What to do ▸
Once the pictures are set aside, repeat all of the data below exactly.

Provided entries ▸
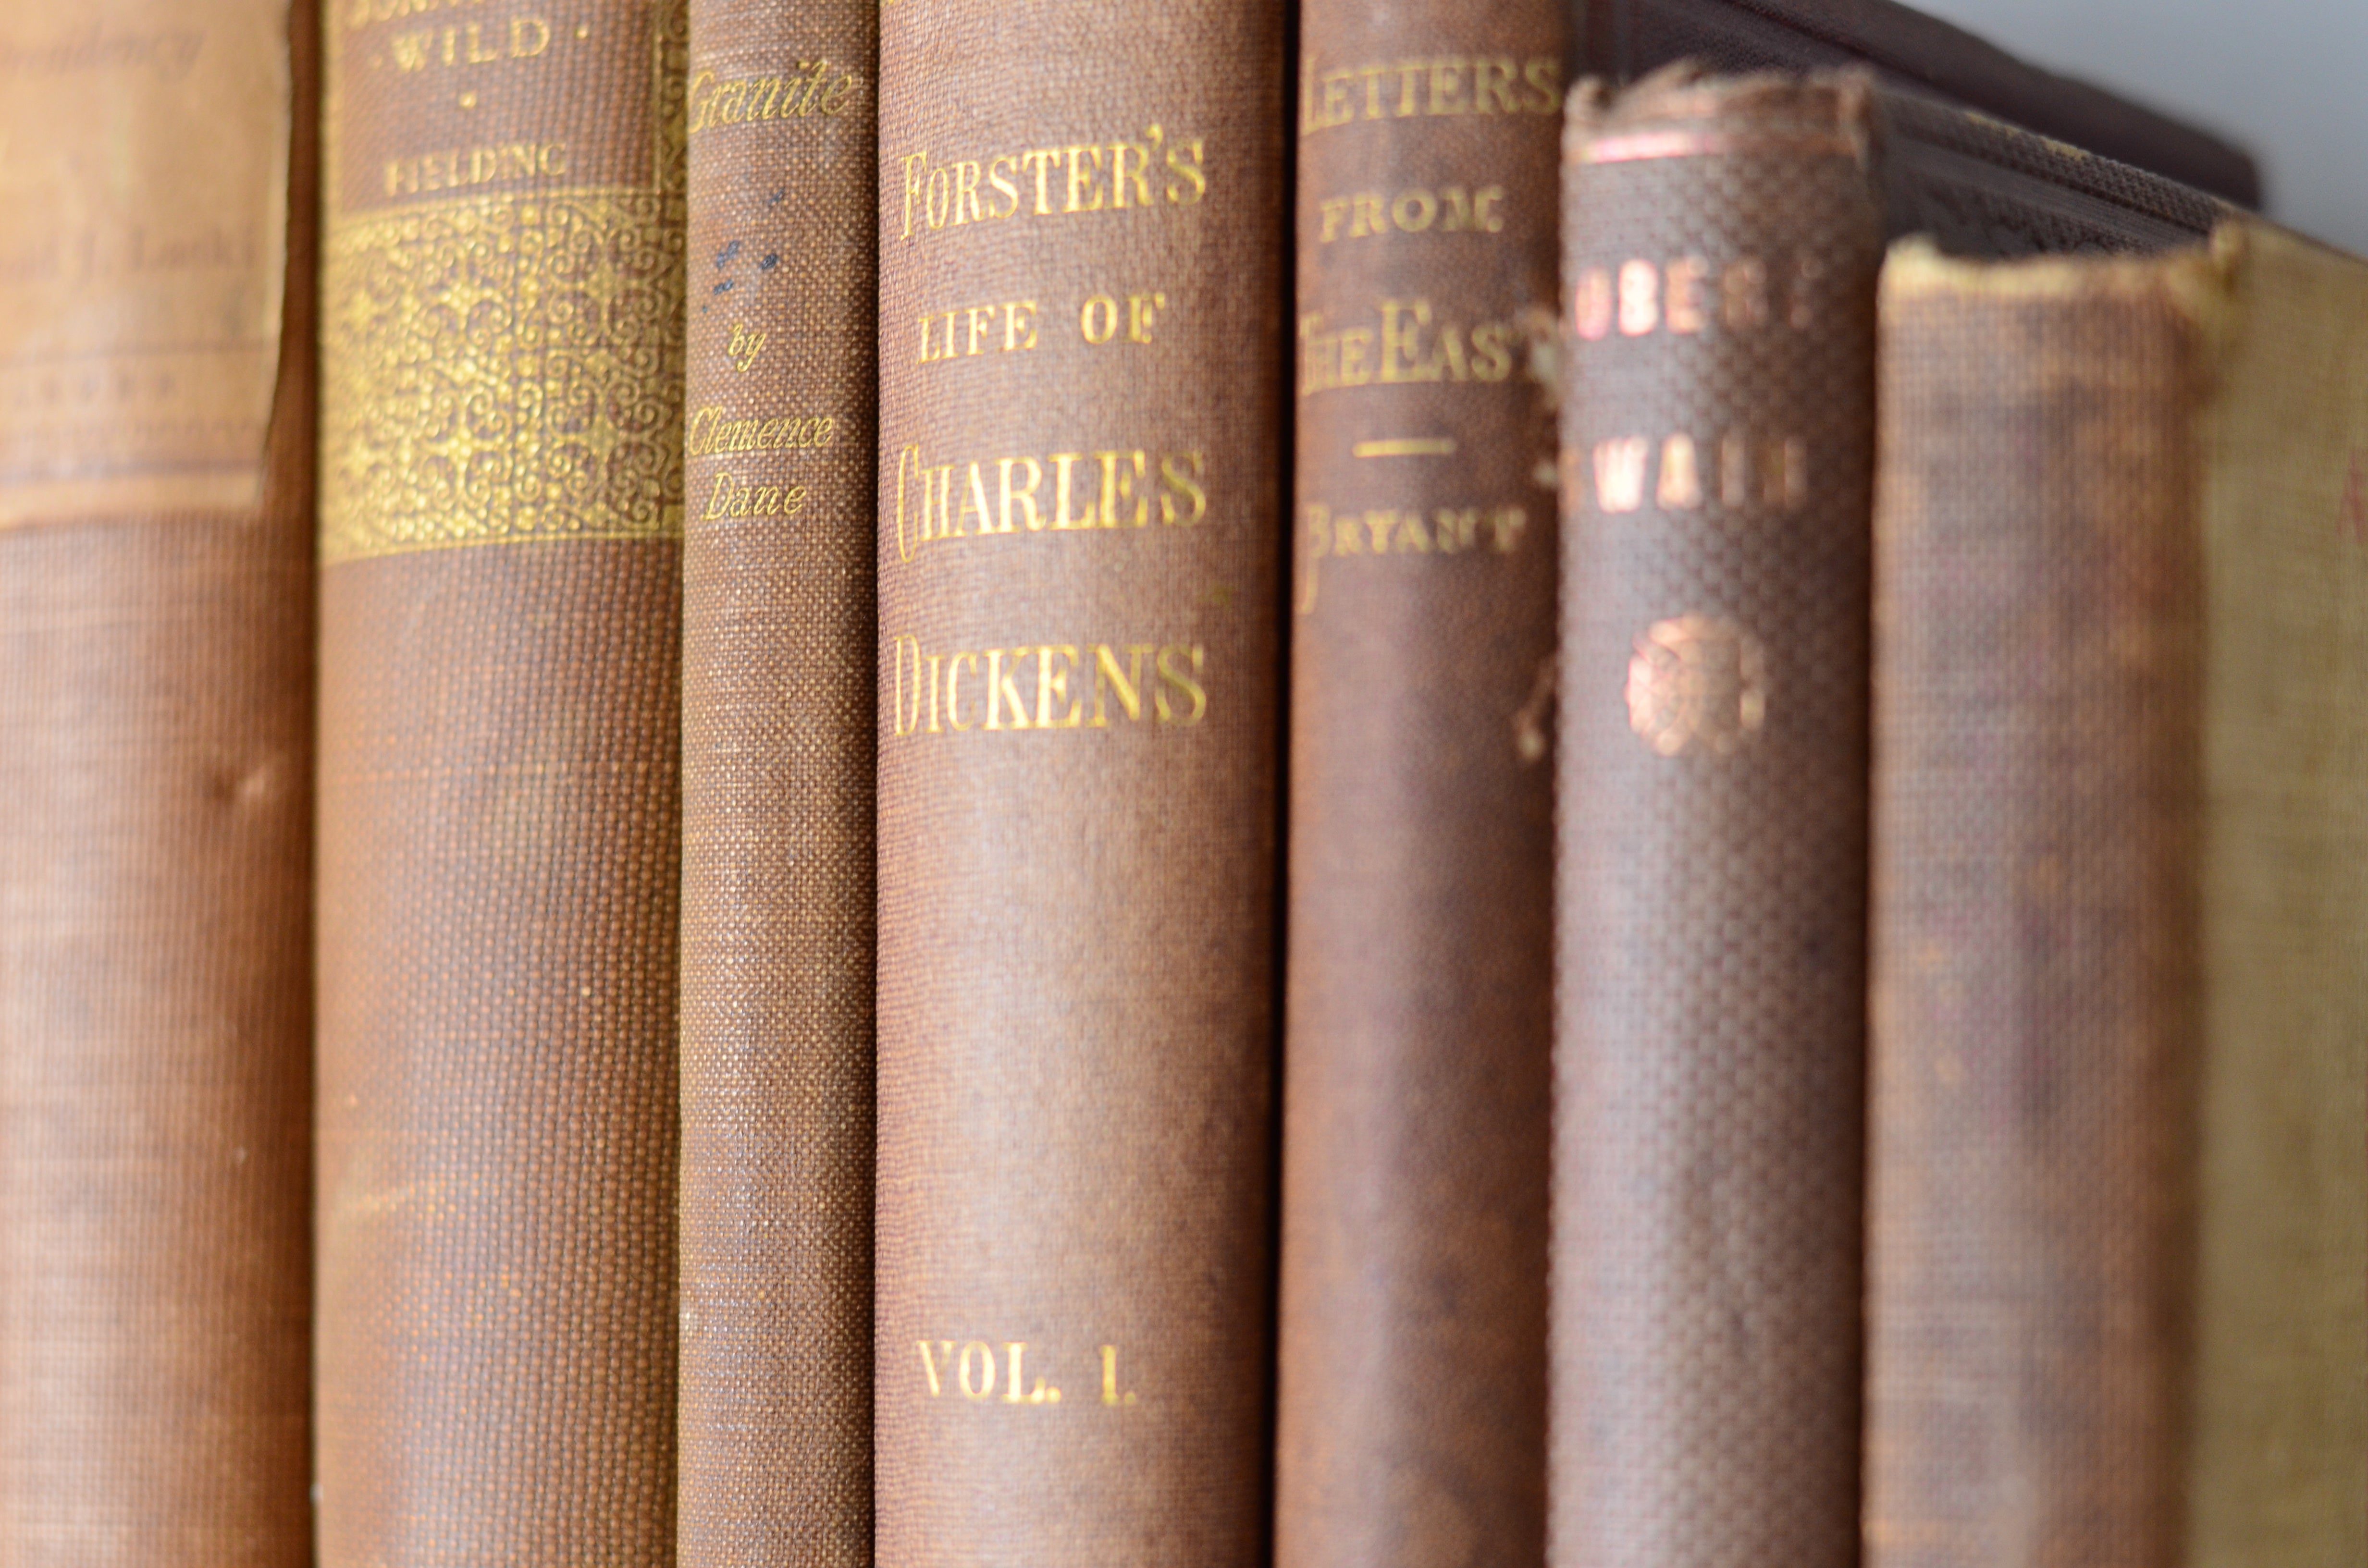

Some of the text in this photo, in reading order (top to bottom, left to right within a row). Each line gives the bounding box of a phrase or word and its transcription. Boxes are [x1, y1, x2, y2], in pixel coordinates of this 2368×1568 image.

[391, 15, 551, 72] WILD
[688, 59, 852, 134] Granite
[1300, 54, 1564, 137] LETTERS
[386, 144, 566, 196] FIELDING
[900, 123, 1206, 241] FORSTER'S
[1320, 185, 1504, 243] FROM
[728, 323, 767, 372] by
[917, 292, 1165, 366] LIFE OF
[688, 405, 833, 456] Clemence
[703, 471, 807, 521] Dane
[897, 443, 1207, 563] CHARLES
[893, 633, 1207, 737] DICKENS
[915, 1339, 1063, 1405] VOL.

Response for this exercise ▸
Some of the text in this photo, in reading order (top to bottom, left to right within a row). Each line gives the bounding box of a phrase or word and its transcription. Boxes are [x1, y1, x2, y2], in pixel coordinates of this 2368×1568 image.

[391, 15, 551, 72] WILD
[688, 59, 852, 134] Granite
[1300, 54, 1564, 137] LETTERS
[386, 144, 566, 196] FIELDING
[900, 123, 1206, 241] FORSTER'S
[1320, 185, 1504, 243] FROM
[728, 323, 767, 372] by
[917, 292, 1165, 366] LIFE OF
[688, 405, 833, 456] Clemence
[703, 471, 807, 521] Dane
[897, 443, 1207, 563] CHARLES
[893, 633, 1207, 737] DICKENS
[915, 1339, 1063, 1405] VOL.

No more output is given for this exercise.